Monitoring and Metrics

Contents

Overview

Our current monitoring solution is based almost entirely around Nagios and custom NRPE scripts. There are pros and cons of using Nagios, though I am not going into that here. There are many comparisons on the internet.

We need a lightweight, scalable solution that is easy to configure and manage and provides mechanism for analysing the data and acting on it, not just collecting it. Redefing monitoring

I believe we also need to build on simply detecting errors to predicting them. We also collect a huge amount of valuable information in the logs. Quite a lot is structured. This information provides invaluable insight into customer behaviour.

Monitoring can be broken down in 4 main tasks

  • Collection

  • Routing

  • Visualisation

  • Alerting

We have a custom monitoring tool that runs on each client that parses the application logs and formats up messages for the NRPE daemon. This gets picked up by Nagios and routed back to a central server using NSCA.
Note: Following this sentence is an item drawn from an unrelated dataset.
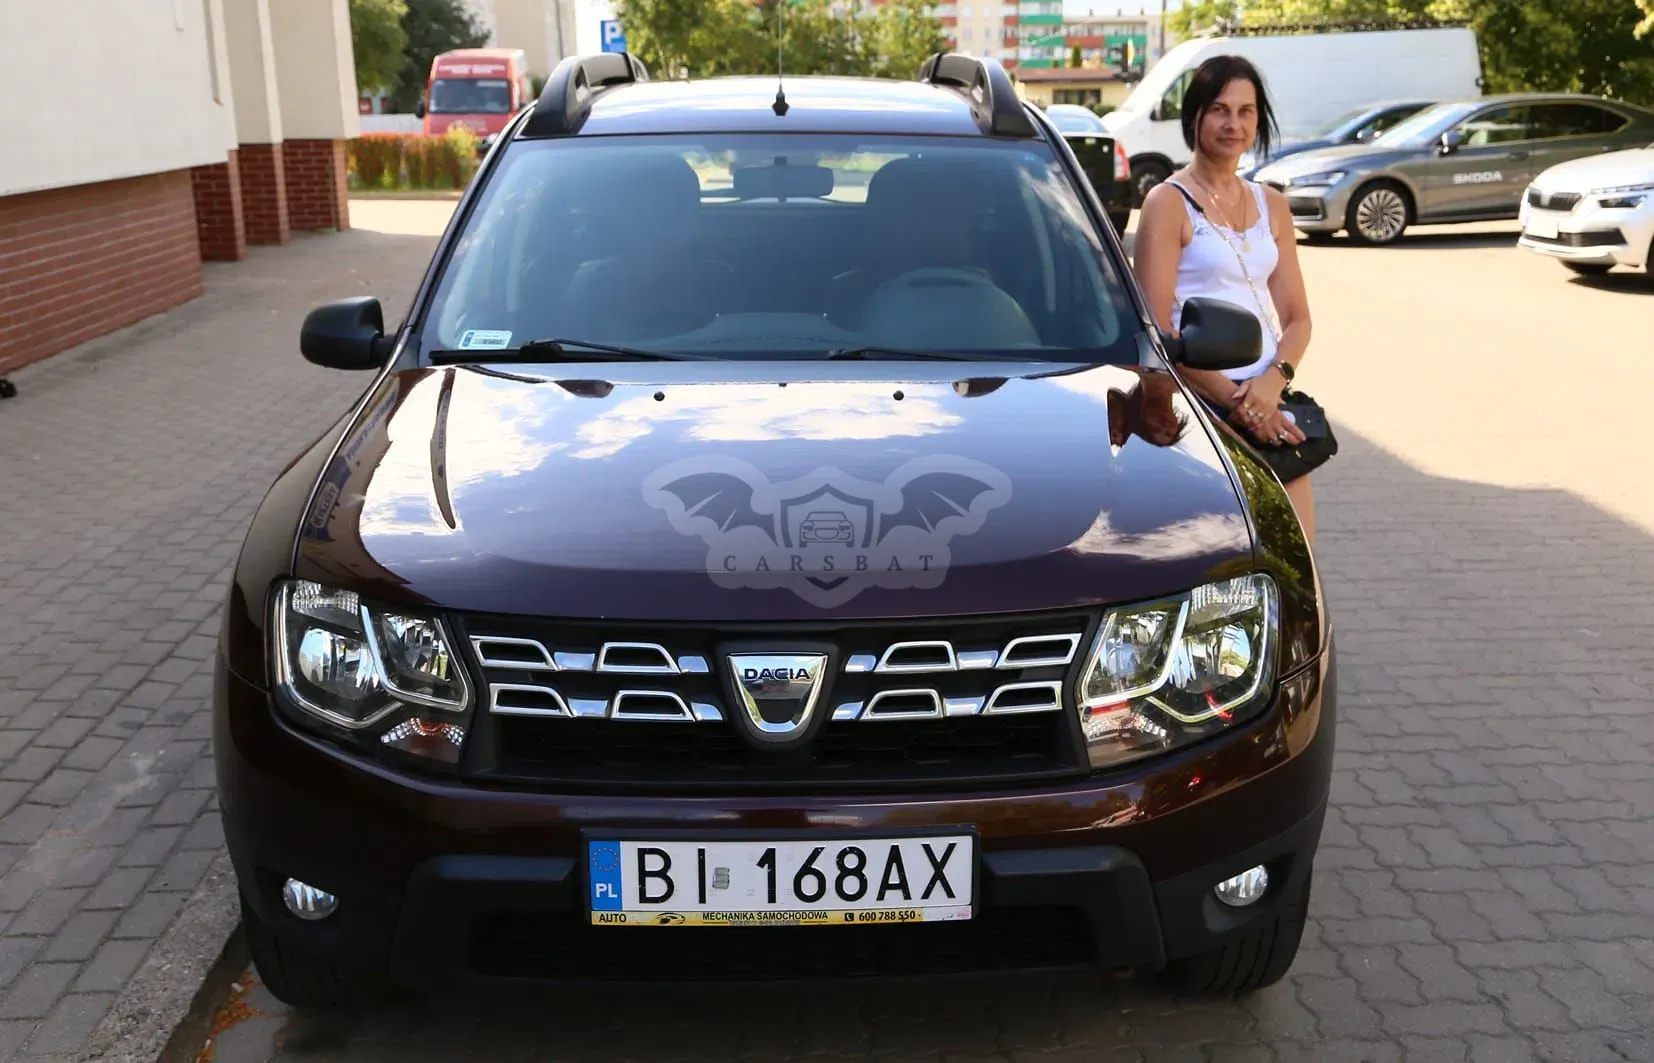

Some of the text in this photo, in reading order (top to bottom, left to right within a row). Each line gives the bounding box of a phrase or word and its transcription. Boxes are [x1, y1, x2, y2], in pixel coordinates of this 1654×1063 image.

Many customers manually manage their Nagios configuration. This is both unworkable and bad practice. As part of the new customer rollouts and moving to Infrastructure as code (entire stack is managed by Ansible) I converted the existing Nagios & NRPE configuration to Ansible roles. This has simplified the deployment of new servers though suffers from poor visualisation (currently nagiosgraph), performance, alerting.

Ideas

Data storage

The system produces a large amount of log data and metrics. We glean small amounts of information from the logs but only scratch the surface of the amount of useful data.

It is important that we identify what is important to treat as metrics and what we should do with the rest of the log data. The latter may be less useful for realtime monitoring of the system but could, if collected correctly add insight into customer behaviour and trends. Discussions on application log data vs metrics suggest that the data should be treated differently.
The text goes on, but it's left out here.